Recognition accuracy and the "appearance" of the recognition results
In this example, the correct sentence is:
Our goal is to realize natural communication between humans and machines and create a prosperous future.
I took a sentence from our company website, "Company Profile > Business Contents." To make the recognition accuracy a round number, I set the number of characters to exactly 100, excluding punctuation marks.40 lettersIn this test, punctuation marks will not be included in the calculation of recognition accuracy.

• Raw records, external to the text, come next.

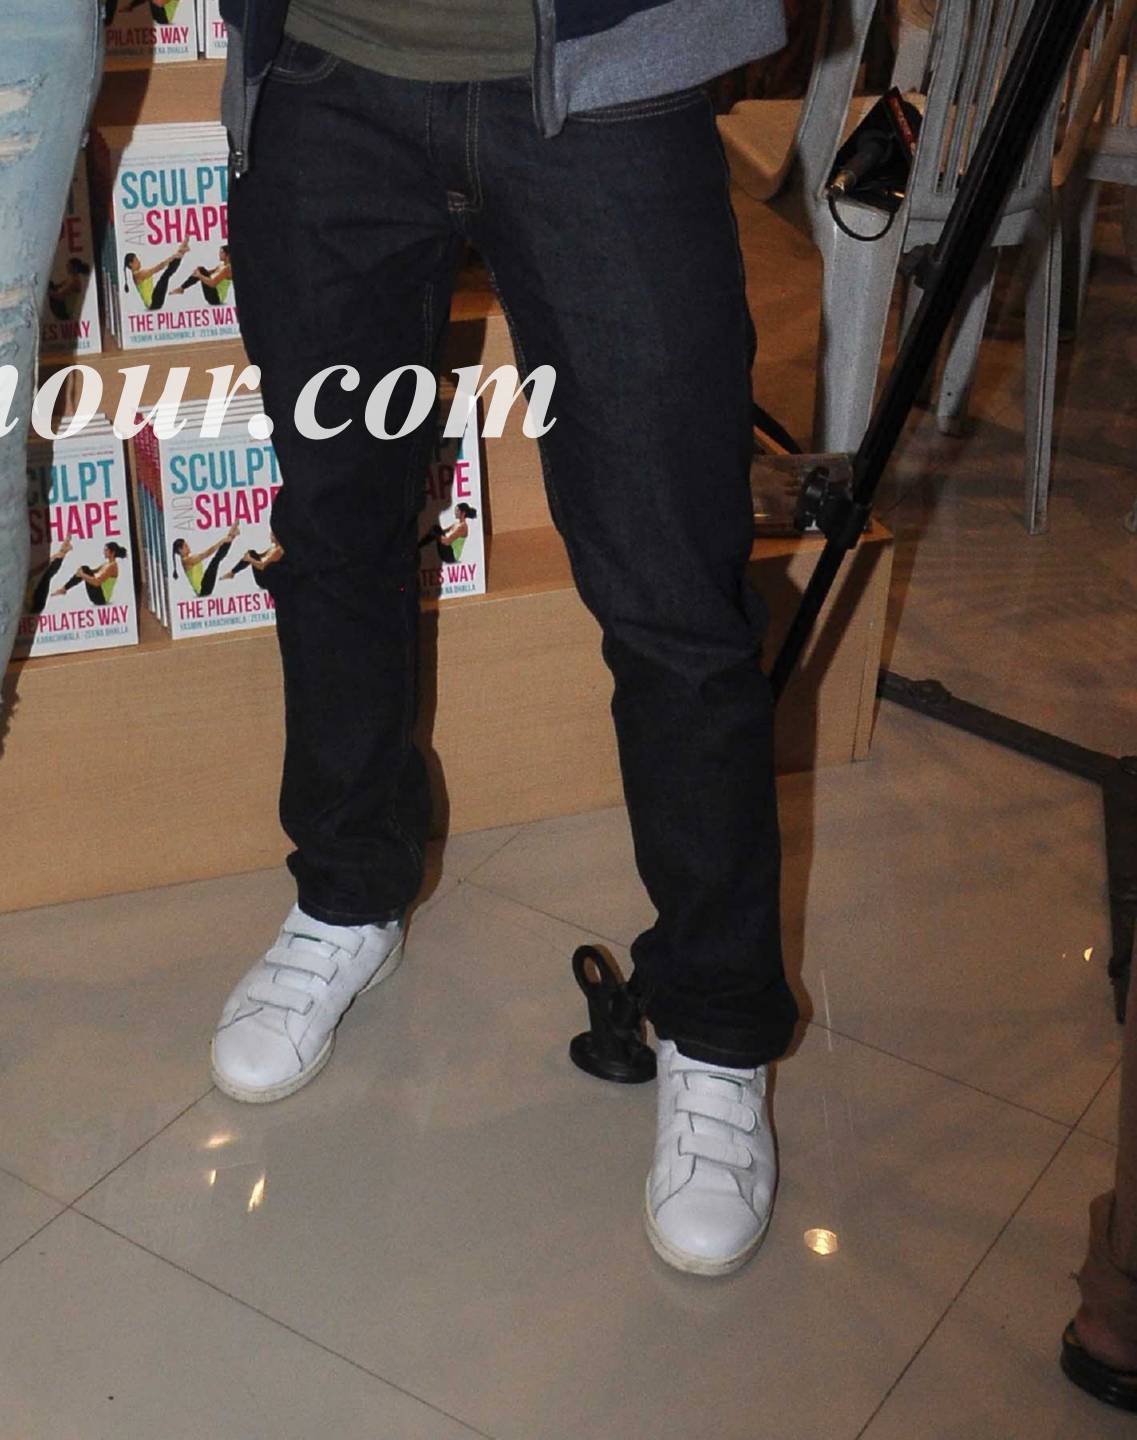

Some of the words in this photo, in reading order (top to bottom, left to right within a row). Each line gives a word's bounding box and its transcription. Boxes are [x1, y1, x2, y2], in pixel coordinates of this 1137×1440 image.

[106, 27, 158, 47] PILATES
[160, 26, 190, 45] WAY
[212, 22, 228, 39] TH
[121, 165, 229, 210] SCULPT
[123, 211, 145, 247] AND
[128, 314, 154, 332] THE
[157, 308, 210, 330] PILATES
[169, 446, 279, 495] SCULPT
[29, 500, 121, 546] SHAPE
[172, 496, 194, 532] AND
[447, 563, 477, 584] WAY
[38, 609, 95, 633] PILATES
[97, 605, 129, 626] WAY
[177, 601, 204, 620] THE
[207, 593, 261, 618] PILATES

Recognition accuracy of 50%
First, the recognition accuracy50%Let's take a look at an example of the recognition result. Please note that the following recognition result example is fictitious and was created for this blog post, and is not the result of actual recognition using AmiVoice Cloud Platform or similar.
[Recognition accuracy50%Example of recognition result:
It is about building a line that realizes communication and understanding.
Let's calculate the recognition accuracy by comparing it with the correct sentence. The top is the correct sentence, and the bottom is the recognition result. Punctuation marks have been removed.
[Sorting results]
Peopleとmachineと OfNaturalCommunicationTheRealizedYutakaOrIfuture TheWoundTo makethe eyesMeansTo do
yarnとUnderstanding Communicationhawk IいLaInnCreateboatWhat to do differenceTo doI
Recognition accuracy = (40 - 9 - 7 - 4) / 40 = 0.5 = 50%
What do you think? The only word that is correct is "communication," and the meaning of the sentence is not conveyed. With this level of recognition accuracy, for example, even if the spoken content is recognized by speech recognition and displayed as subtitles, the meaning will not be conveyed correctly. Also, even if the speech data is converted into text by speech recognition and then manually corrected while listening to the audio to create minutes, the corrections take a considerable amount of time.
Recognition accuracy of 80%
So, what is the recognition accuracy?80%What would it feel like to be like this?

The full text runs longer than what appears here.